Japan did not go into full national lockdown, but issued a state of emergency in April which severely affected supply chains and businesses in the trade-reliant nation.

Reports said the 3.4 per cent fall in Gross Domestic Product (GDP) for the first three months of 2020, follows a 6.4 per cent decline during the last quarter of 2019, pushing Japan into a technical recession.

According to local media reports, consumers in Japan have been hit by the dual impact of the coronavirus and a sales tax hike to 10 per cent from 8 per cent in October.

While Japan has lifted the state of emergency in 39 out of its 47 prefectures, the economic outlook for this current quarter is equally gloomy.

Japan has had more than 16,000 confirmed coronavirus cases and around 740 deaths.

Analysts polled by Reuters expect the country’s economy to shrink 22 per cent during the April-to-June period, which would be its biggest decline on record.

The Japanese government has already announced a record $1 trillion stimulus package, and the Bank of Japan expanded its stimulus measures for the second straight month in April.

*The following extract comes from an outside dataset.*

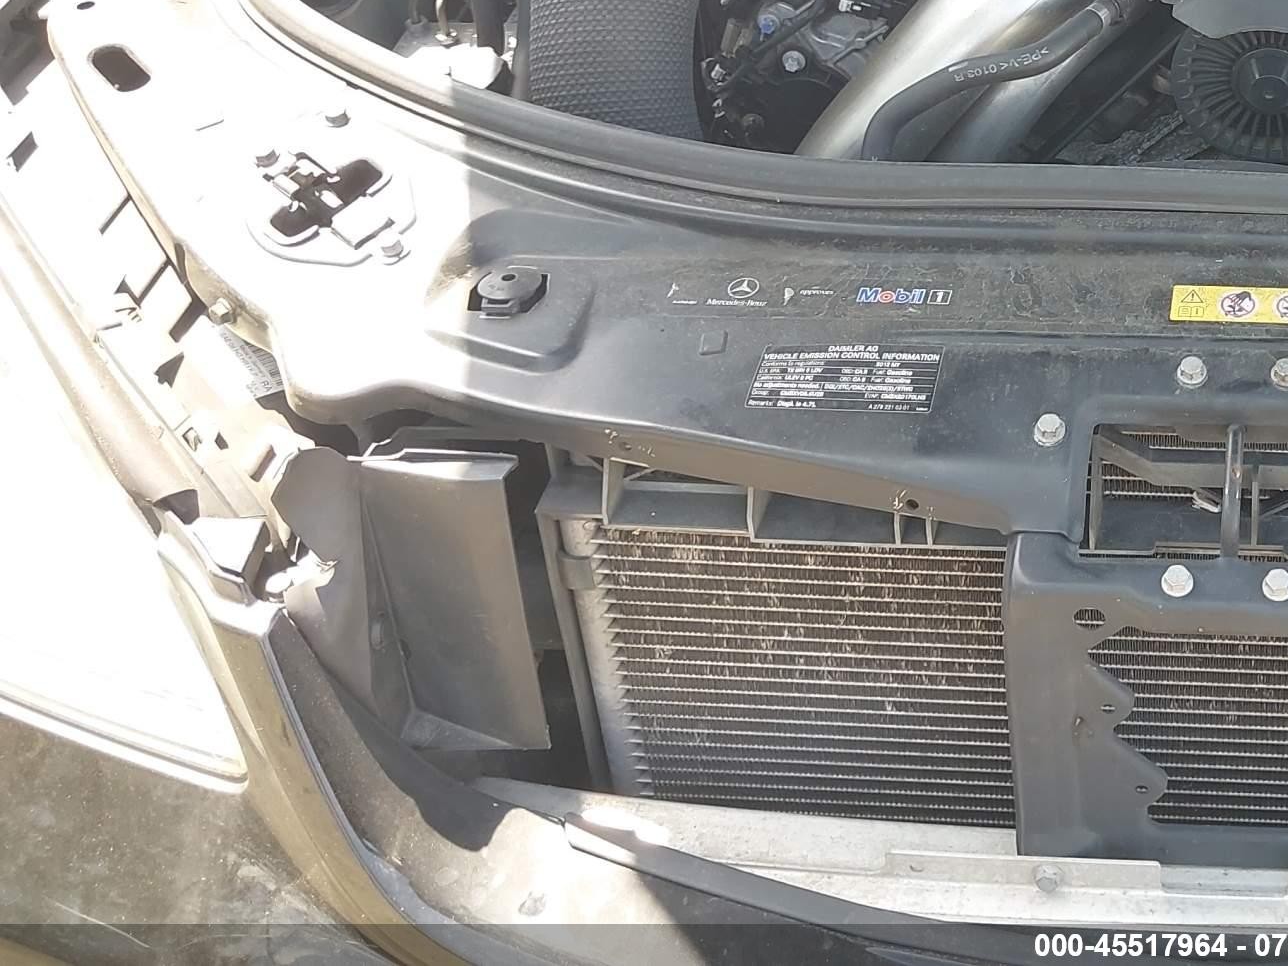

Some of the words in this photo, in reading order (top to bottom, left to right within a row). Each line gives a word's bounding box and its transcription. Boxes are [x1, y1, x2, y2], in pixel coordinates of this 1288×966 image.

[856, 287, 926, 304] Mobil
[706, 298, 767, 307] Mercedes-Benz
[882, 353, 940, 361] INFORMATION

Shinzo Abe, Japanese Prime Minister,vhas pledged a second budget later in May to fund fresh spending measures to cushion the economic effect of the pandemic.

Global Downturn

The global economy is expected to slip into recession due to the coronavirus pandemic, analysts have said, since the outbreak of the virus last year.

Many nations of the world, including Nigeria, have had to rejig their economic plans and projections amid the uncertainty.

READ ALSO: IMF projects recession for sub-Saharan Africa in 2020

Despite the policy responses, many nations have experienced economic whirlwind amid disruption in global travel and trade. Many countries have gone into lockdowns to curtail the spread of the virus.

Last week, Germany slipped into recession as more major economies face the impact of sustained lockdowns.

Analysts say Japan faces a unique challenge as its economy has been stagnant for decades, compared to the more buoyant economies of its rivals, the U.S. and China.

Japan also relies heavily on exporting its goods and has little control over consumer demand in other countries, which has been severely impacted by coronavirus lockdowns. Many of its biggest brands, such as car firms Toyota and Honda, have seen sales slump across the world.

Tourism, which has long been a boost to the Japanese economy, has also been hit hard as the pandemic keeps foreign visitors away.

The BBC reported Monday that despite its economic status, Japan appears to be doing better, or less badly than other major economies.

While economists predict Japan’s economy will shrink at an annual pace of 22 per cent in the April-to-June period, it said, they also predict that the U.S. could contract by more than 25 per cent. The 3.4 per cent annual rate of decline in the first quarter also compares favourably to the 4.8 per cent the U.S. suffered in the first three months of this year.

This was the sharpest decline for the U.S. economy, the world’s biggest, since the Great Depression of the 1930s.